Liver fibrosis severity in patients with NAFLD was determined using two noninvasive markers of liver fibrosis: the FIB-4 score and the NFS. The FIB-4 score, which has been validated for assessing the fibrosis stage in patients with NAFLD, was calculated as follows: FIB-4 score = (age [years] × AST [U/L])/(platelet count [× 109/L] × ALT [U/L]1/2). Subjects were categorized into three groups as follows: those aged < 65 years with low (< 1.30), intermediate (1.30–2.66), and high (≥ 2.67) FIB-4 scores40,41 and those aged ≥ 65 years with low (< 2.00), intermediate (2.00–2.66), and high (≥ 2.67) FIB-4 scores41. For the sensitivity analysis, the NFS was calculated using the following formula: NFS = –1.675 + 0.037 × age (years) + 0.094 × BMI (kg/m2) + 1.13 × impaired fasting glucose or T2DM (yes = 1, no = 0) + 0.99 × AST/ALT ratio – 0.013 × platelet (× 109/L) − 0.66 × albumin (g/dL).

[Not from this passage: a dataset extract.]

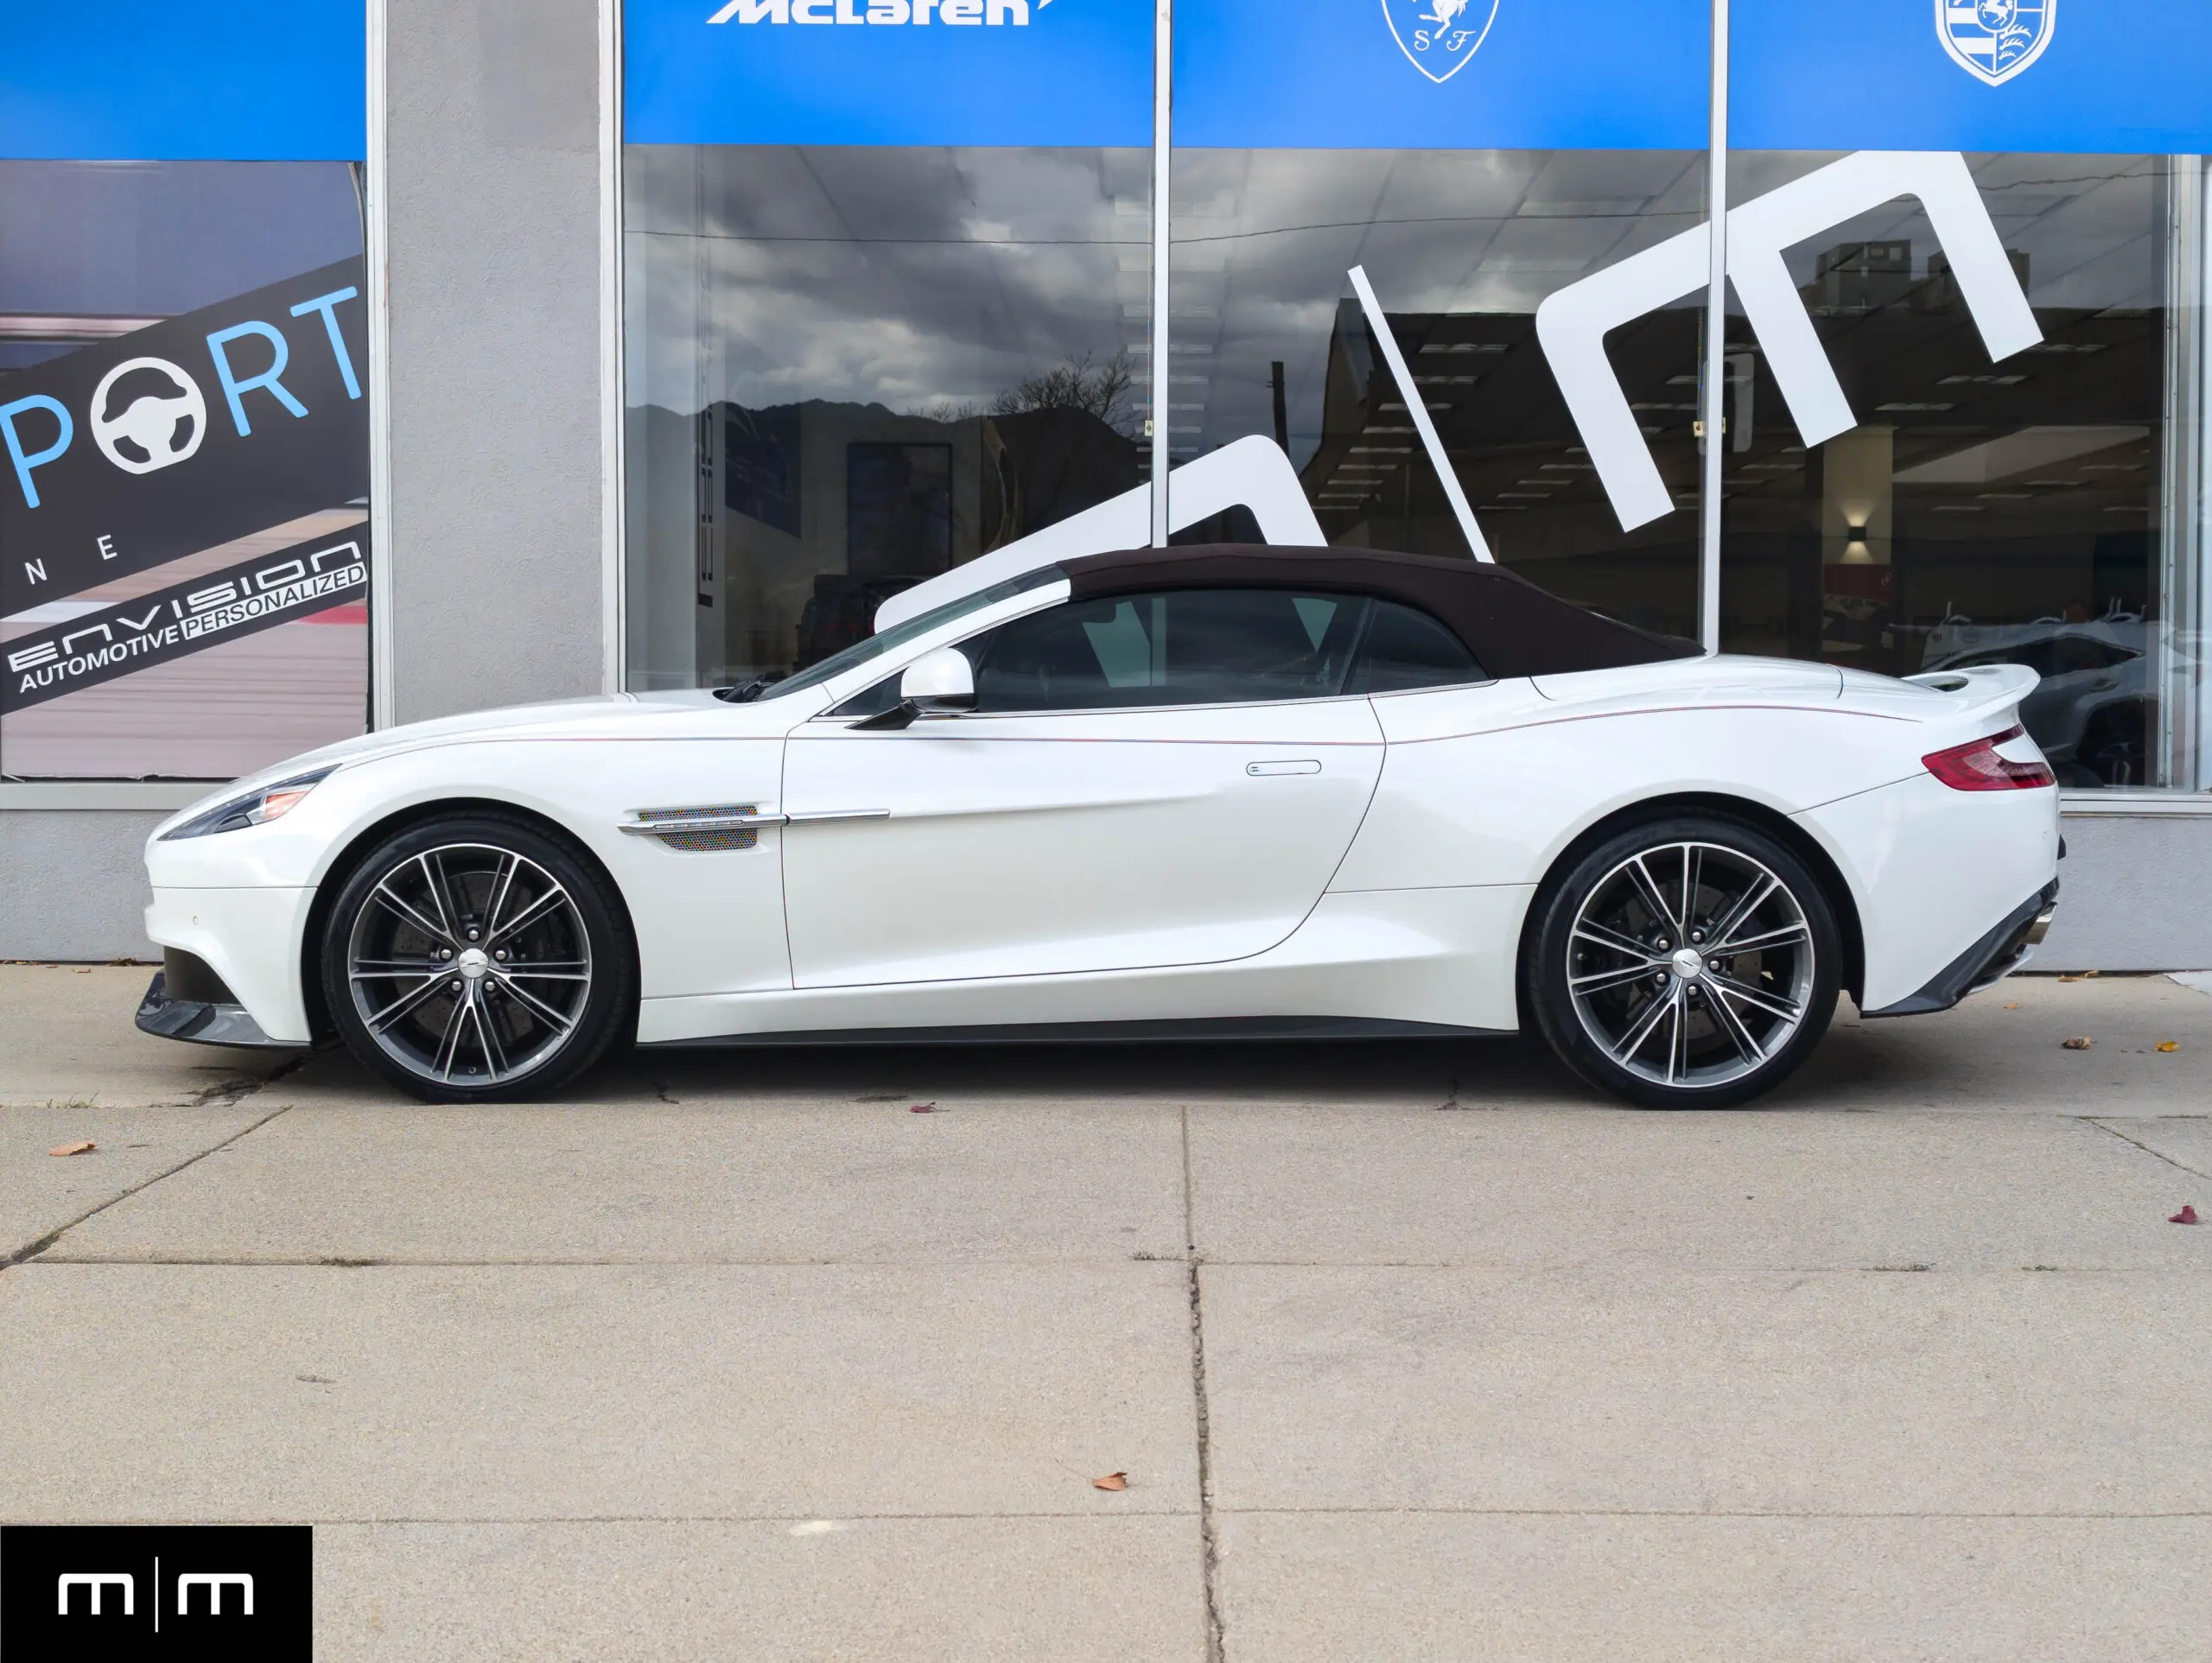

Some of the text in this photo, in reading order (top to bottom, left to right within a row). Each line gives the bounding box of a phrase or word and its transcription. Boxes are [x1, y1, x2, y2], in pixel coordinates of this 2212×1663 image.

[705, 0, 1030, 26] McLaren
[19, 563, 365, 694] AUTOMOTIVE PERSONALIZED

Subjects were categorized into three NFS groups as follows: those aged < 65 years with low (< − 1.455), intermediate (0.676 to − 1.455), and high (> 0.676) probabilities of advanced fibrosis12,41 and those aged ≥ 65 years with low (< 0.120), intermediate (0.120–0.676), and high (> 0.676) probabilities of advanced fibrosis41.

Measurement of the CAC score

CAC scores were assessed by MDCT performed using a 64-slice single-source (LightSpeed VCT; GE, Milwaukee, WI, USA) or dual-source (Somatom Definition or Somatom Definition Flash; Siemens, Erlangen, Germany) CT device42. The CAC score was calculated using the Agatston scoring method11, and subjects with scores of 0, 1–100, 101–300, and > 300 were categorized as none, mild, moderate to severe, and severe, respectively43.

CAC progression was defined as: incident CAC, as indicated by a baseline Agatston score of 0 and a higher score on a follow-up examination44; or a baseline score > 0 and a ≥ 2.5-unit increase from the baseline to the final CAC score square root16,45. Prior to the determination of CAC progression, the CAC score square root was calculated to reduce dependence on residual interscan variability.

Statistical analysis

Continuous variables with normal or skewed distributions are expressed as mean (standard deviation) or mean (interquartile range), respectively. Categorical variables are expressed as frequencies and percentages. The baseline data of the subgroups categorized by NAFLD and liver fibrosis stage were compared by one-way analysis of variance with Scheffe’s methods, the Kruskal–Wallis test, or χ2 tests. Multiple logistic regression analyses were conducted to evaluate the ORs and 95% CIs of the subgroups defined by the NAFLD status and liver fibrosis severity based on the FIB-4 score, relative to the baseline and CAC progression. All statistical analyses were performed with the SPSS software version 21.0 for Windows (IBM, Inc., Armonk, NY, USA). Values of P < 0.05 were considered statistically significant.